Los meses pasaban como ráfagas de viento, y sin darse cuenta, Yoselin ya estaba en la recta final hacia su cumpleaños número 18. El año había sido un torbellino de retos, aprendizajes y cambios irreversibles. Entre sus estudios de psicología, los cursos de farmacología y enfermería, y su trabajo en La Secta Roja, apenas había tenido tiempo para respirar. Pero cada sacrificio, cada desvelo y cada lágrima contenida valían la pena.
Con el dinero que había ahorrado, había rentado un departamento pequeño pero acogedor, decorado a su estilo: funcional, ordenado y con toques minimalistas. Ese espacio se convirtió en su refugio personal, donde estudiaba, trabajaba y, en raras ocasiones, descansaba
Pero a pesar de su aparente control, la mentira que sostenía su doble vida comenzaba a tambalearse. Sus padres, preocupados por su distancia emocional y sus horarios impredecibles, finalmente decidieron enfrentarla.
Una noche de febrero, al llegar a casa después de una larga jornada, sus padres la esperaban en la sala. Sus rostros reflejaban preocupación y un miedo silencioso.
—Yoselin, necesitamos hablar —dijo su madre con voz temblorosa.
Ella se sentó frente a ellos, sintiendo el peso de la verdad oprimiéndole el pecho.
—¿Qué pasa? —respondió con una calma forzada.
—No nos mientas más —intervino su padre—. Sabemos que hay algo oscuro detrás de tu trabajo.
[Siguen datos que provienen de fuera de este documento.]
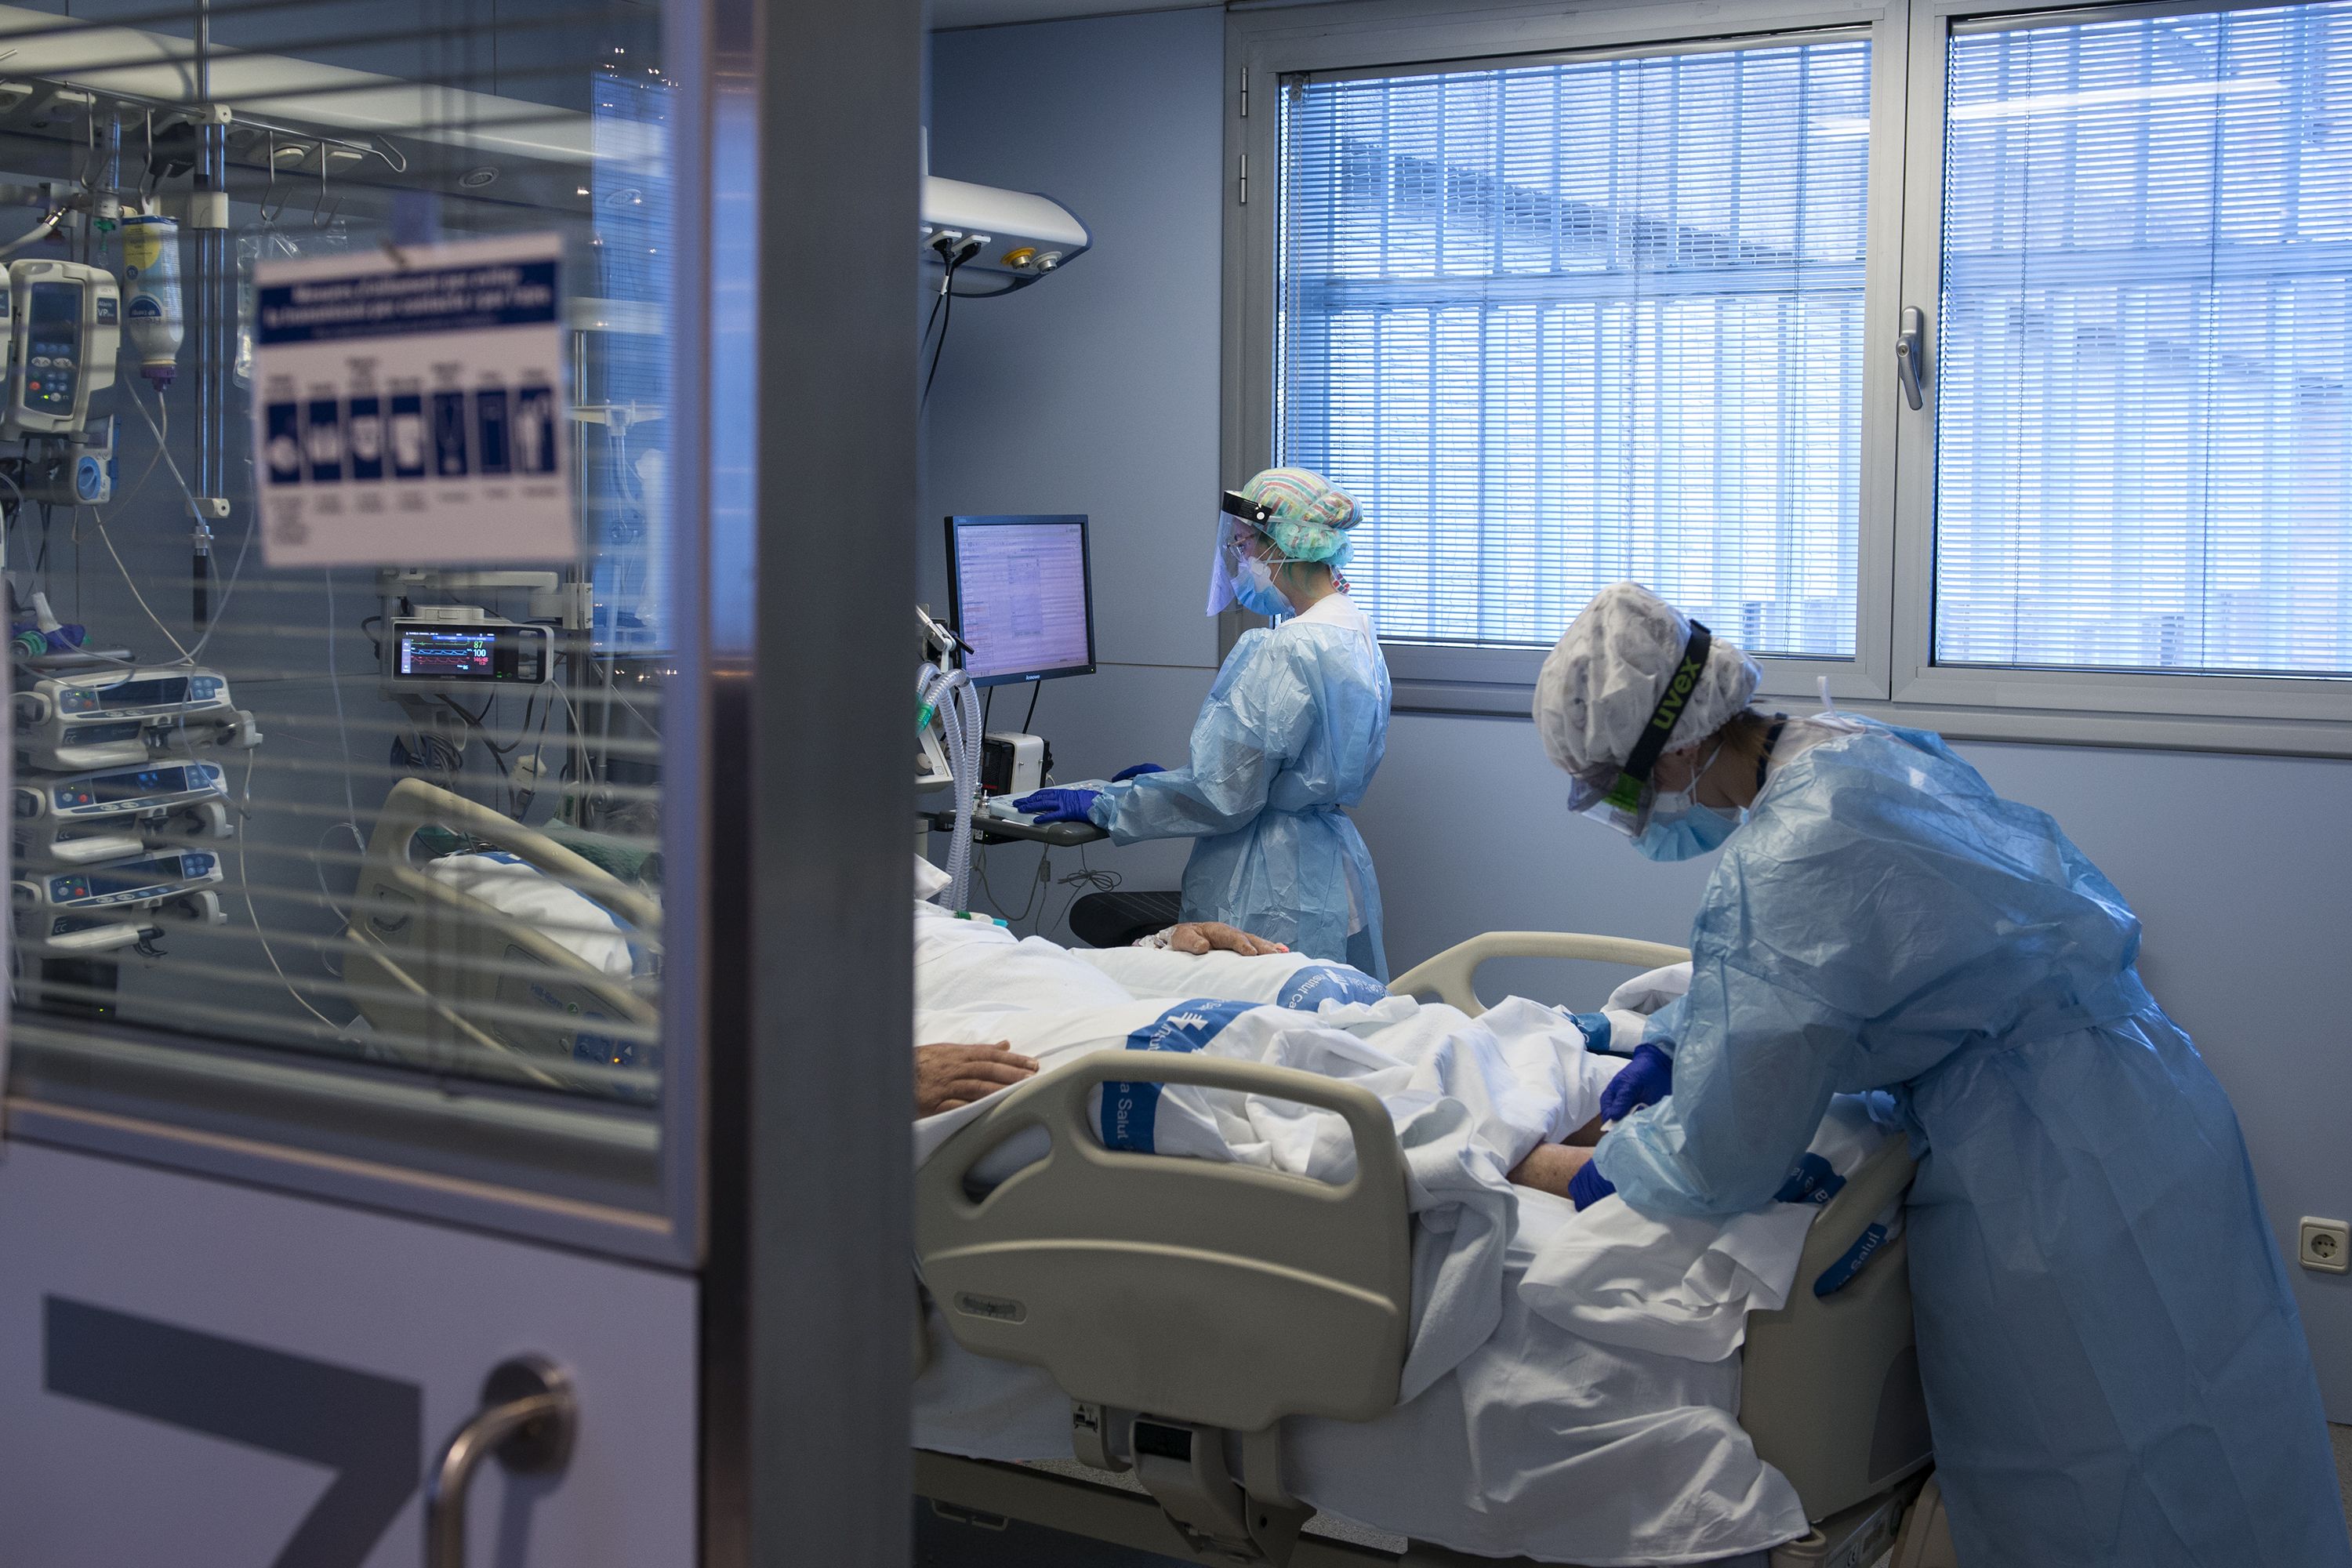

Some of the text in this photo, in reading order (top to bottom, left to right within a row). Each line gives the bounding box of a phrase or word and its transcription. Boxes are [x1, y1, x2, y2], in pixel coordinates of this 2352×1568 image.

No son solo terapias. ¿Qué estás haciendo realmente?
Por primera vez en meses, Yoselin sintió cómo una grieta se formaba en su coraza emocional. Sus manos se tensaron, y un nudo se instaló en su garganta. No podía mentirles más. Inspiró profundamente y dejó que las palabras fluyeran.
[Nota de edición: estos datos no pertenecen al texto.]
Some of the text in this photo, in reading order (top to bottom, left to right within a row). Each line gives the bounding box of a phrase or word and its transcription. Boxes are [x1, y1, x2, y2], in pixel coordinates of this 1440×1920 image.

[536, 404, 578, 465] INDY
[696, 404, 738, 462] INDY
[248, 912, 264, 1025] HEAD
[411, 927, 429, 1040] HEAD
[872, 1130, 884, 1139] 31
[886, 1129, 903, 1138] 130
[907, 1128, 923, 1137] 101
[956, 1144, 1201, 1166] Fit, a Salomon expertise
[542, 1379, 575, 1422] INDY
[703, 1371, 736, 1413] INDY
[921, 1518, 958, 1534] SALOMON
—Es verdad. Trabajo para una organización delictiva. La Secta Roja. No he hecho daño a nadie directamente, pero... los ayudo a ser más fuertes, a controlar sus mentes. No es lo que ustedes soñaron para mí, lo sé, pero es lo que elegí.
El silencio se hizo pesado. Su madre rompió a llorar, su padre apretó los puños, luchando por contener su enojo y tristeza.
—¿En qué momento te perdimos, Yoselin? —susurró su madre.
—No me perdieron —respondió ella, con una voz firme pero sin calidez—. Solo cambié. Este es mi camino ahora. No pueden decir nada, por su seguridad. Si hablan, los pondrán en peligro.
Su padre, con los ojos llenos de lágrimas, asintió con resignación. Sabía que había perdido a su hija inocente. En su lugar había una joven con una mirada fría, distante, alguien que había enterrado su humanidad bajo capas de acero.
Días después, llegó el tan esperado cumpleaños de Yoselin. La noticia de su cumpleaños se extendió rápidamente por La Secta Roja. A pesar del ambiente violento y despiadado en el que se desenvolvían, todos respetaban y valoraban el trabajo que ella hacía por ellos.
La noche de su cumpleaños, le organizaron una pequeña fiesta en una de las bodegas. Globos oscuros, luces tenues y una atmósfera cargada de gratitud y reconocimiento. Óscar se mantenía cerca, con una sonrisa orgullosa y protectora. Los pollitos, ahora más fuertes y seguros, le agradecieron uno a uno. Algunos, incluso, le dijeron que gracias a ella habían encontrado una razón para seguir adelante.
El jefe se acercó a ella al final de la noche. Sus ojos, normalmente duros y calculadores, mostraban un destello de humanidad.
—Has demostrado una valentía que pocos tienen, Yoselin. Estoy orgulloso de ti. Me recuerdas a una hija que nunca tuve. Pero ten cuidado... este mundo es una trampa de la que es difícil salir.
Ella asintió, sintiendo por primera vez una mezcla de orgullo y miedo. Sabía que estaba en la cima de algo peligroso, algo que podría desmoronarse en cualquier momento. Pero por ahora, solo podía seguir avanzando.
Los 18 años llegaron con una libertad peligrosa y una responsabilidad pesada. Ya no había vuelta atrás. Yoselin estaba lista para enfrentar lo que viniera, sin importar el precio que tuviera que pagar.